North Karnataka: The Tyranny Of Distance And Discrimination
North Karnataka trails other regions in important areas such as health, education and industrial and social development.
It’s time for the centre to step in and set things right.
I was born in Bidar, the crown tip of Karnataka, and which is called the Punjab of Karnataka – the reasons being this city has five rivers flowing through it; it is home to Nanak Jhira, the birth place of Bhai Sahib Singh one of the Panj Pyare (one of the five beloved ones), and has a significantly higher Sikh population compared to the rest of Karnataka. There ends the similarity.
Bidar, even today, is amongst the most backward districts of the state and none of the development indices (human, social, economic, educational and industrial) are comparable to the developed districts of the Old Mysore Region (OMR).
Growing up here, the only constant in our lives and that of the majority of people in North Karnataka was migration – in search of a better future. I was lucky as in one such village my family migrated to (my extended family lives there to this day), and where I went to school, the schoolmaster noticed that I was good at maths and had a good memory. He pushed my father to migrate to Bengaluru for my education and everything changed after that.
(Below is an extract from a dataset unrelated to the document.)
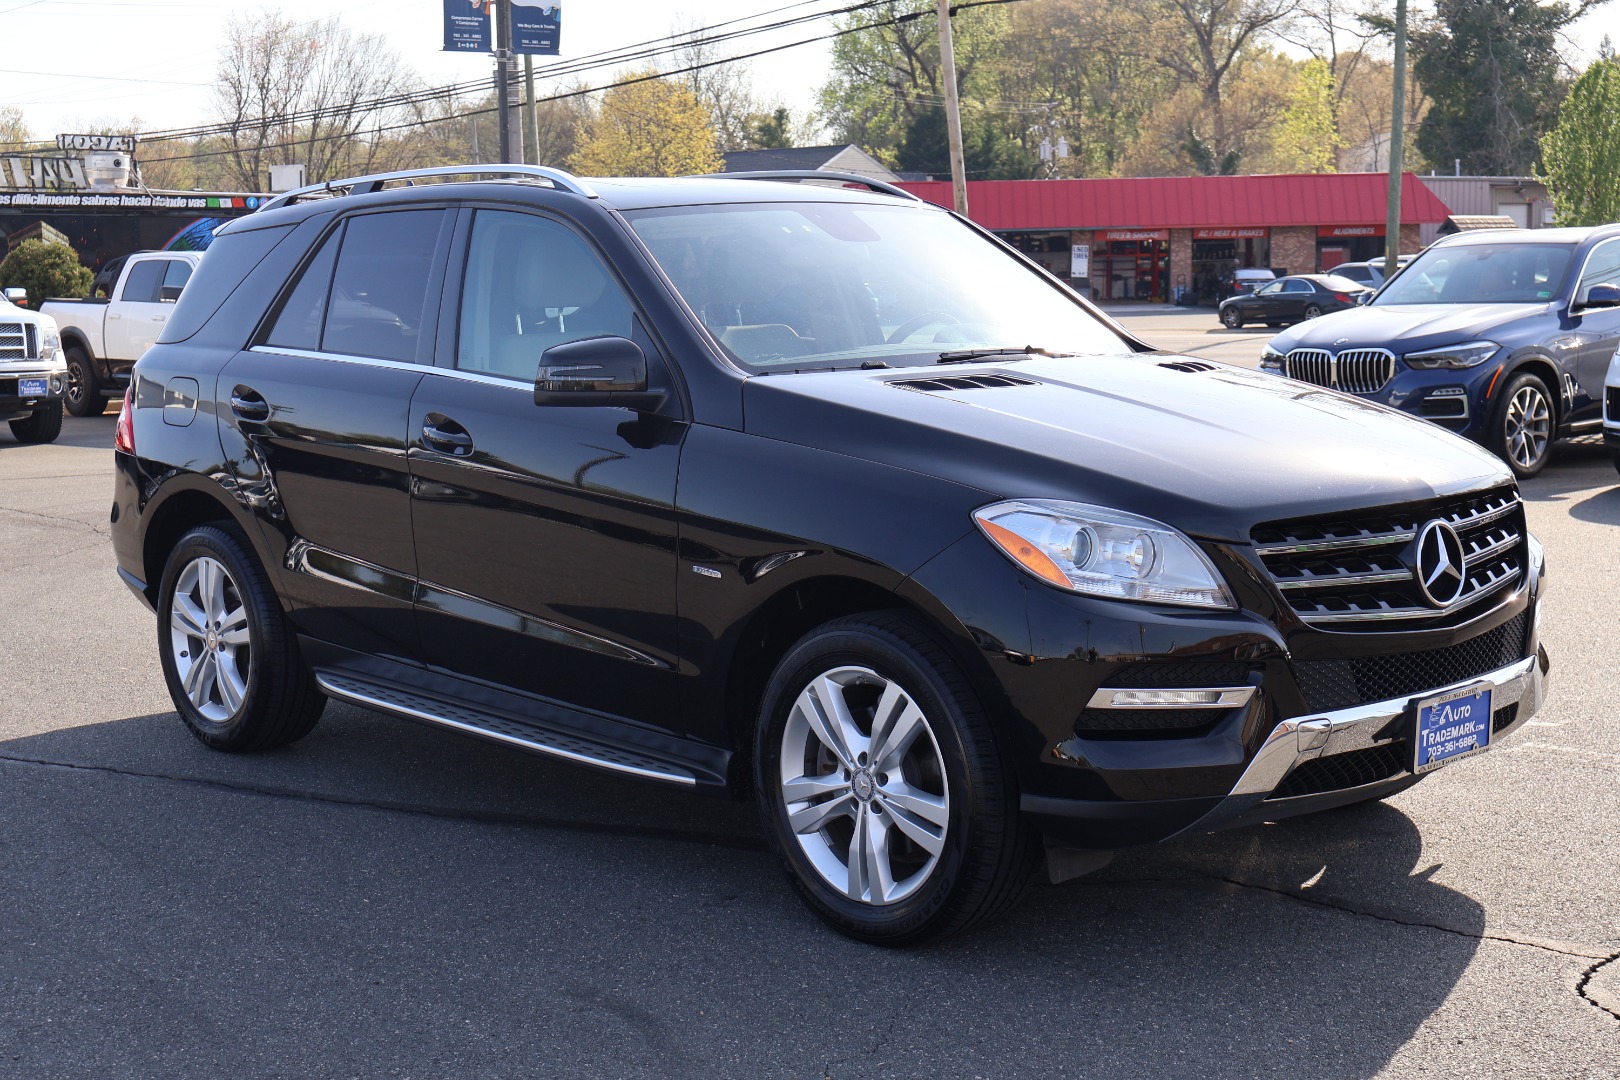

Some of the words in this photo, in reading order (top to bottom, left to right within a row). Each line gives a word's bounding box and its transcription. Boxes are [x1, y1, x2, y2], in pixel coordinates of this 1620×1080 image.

Bengaluru was manna to us. It gave us (and all those who migrated) opportunities that we did not have in our region due to the discrimination practised against North Karnataka by the powers that be in Bangalore probably due to the ‘tyranny of distance’.
The question, however, is: has the ‘tyranny of discrimination’ against North Karnataka decreased and evanesced in the last 30 plus years?
To eschew my own native bias arising out of past experience, I have tried to factor in development attributes such as health care delivery, education facilities, employability after education, jobs availability, industry and infrastructure investment, to analyse the tyranny of discrimination. I have steered clear of human development indices as they take time to change albeit any improvement made to the quality of life.
For proper assessment of the typology of development, it is important to study not just the quantitative change in the last three decades in North Karnataka but also the qualitative aspects of development. This is reflected in the level of technology use in the everyday life of the common man in addition to health and nutrition, individual sanitation, ease of living parameters like access to uninterrupted electricity, access to good roads and means of safe transportation in comparison to their OMR compatriots.
Some interesting factors sampled were: The number of people who are sick and need health care support: In OMR it was 95 to 98 per 1,000 while in North Karnataka it was 95 to 102 per 1,000. The problem area was Yadgir, which did not have even a decent secondary health centre and people had to go all the way to Kalburgi or Raichur for something as common as assisted delivery in complicated obstetric cases, but which is a facility taken for granted in OMR. Doctors said more nutritional and geriatric issues were prevalent in the districts of North Karnataka than the OMR. Almost 90 per cent of people of North Karnataka have to travel more than 100 kilometres when in need of tertiary care, resulting in loss of income, while the comparative figure for the OMR region stood at 57 per cent.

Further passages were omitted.